Kultura na weekend. Odc. 188

Opowieść o świecie na krawędzi. Wielki węgierski pisarz wreszcie po polsku

Wewnętrzne rozgrywki prowadzą do tragedii, a troska o naród nie polega na nacjonalizmie – czyli czego możemy się o współczesności nauczyć z wydanego w Polsce wielkiego klasyka literatury węgierskiej.

W cyklu „Jedna książka” rozmawiamy o literackim wydarzeniu, czyli o „Policzonych”, pierwszym tomie Trylogii Siedmiogrodzkiej Miklósa Bánffyego, który ukazał się w wydawnictwie Officyna w przekładzie Ireny Makarewicz, znakomitej tłumaczki z języka węgierskiego. Irena Makarewicz opowiada Justynie Sobolewskiej o autorze do tej pory zupełnie w Polsce nieznanym, który od kilku lat jest też odkrywany na świecie i długo był zakazany na Węgrzech. Była to postać nietuzinkowa – wszechstronny i nowatorski artysta, dyplomata i minister, arystokrata, który nie mógł wrócić do kraju.

Powiem, dlaczego mnie zainteresował – mówi Makarewicz. – Bánffy to człowiek, który się nigdy nie poddawał. Jego losy były niezwykłe, piękne i tragiczne.

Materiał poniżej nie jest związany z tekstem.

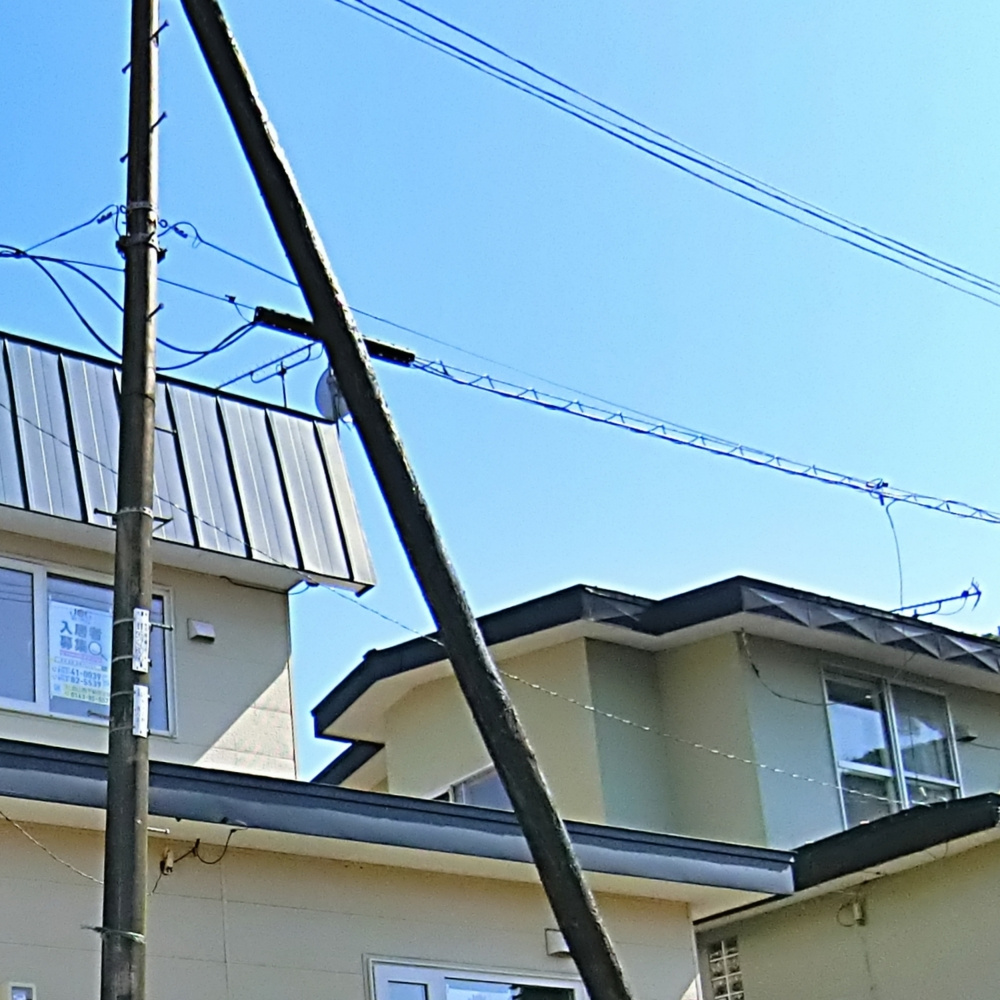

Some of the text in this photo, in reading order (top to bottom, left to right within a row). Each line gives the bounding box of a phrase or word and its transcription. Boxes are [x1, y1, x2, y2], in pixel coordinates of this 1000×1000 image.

[60, 620, 102, 641] 入居者
[60, 635, 88, 653] 募集

Jako pisarz Bánffy operował ironią i szyderstwem, jego portrety postaci są wielostronne. W pierwszym tomie opowiada o początku XX w., a ta książka ukazała się w 1934 r. Miała być ostrzeżeniem przed krótkowzrocznością rządzących: – Świat szykuje się do wojny, a tam najważniejsze są polowania, bale, wyścigi czy kwestia chwostu przy szabli. Bánffy pokazuje wewnętrzne rozgrywki, które prowadzą do tragicznych zdarzeń.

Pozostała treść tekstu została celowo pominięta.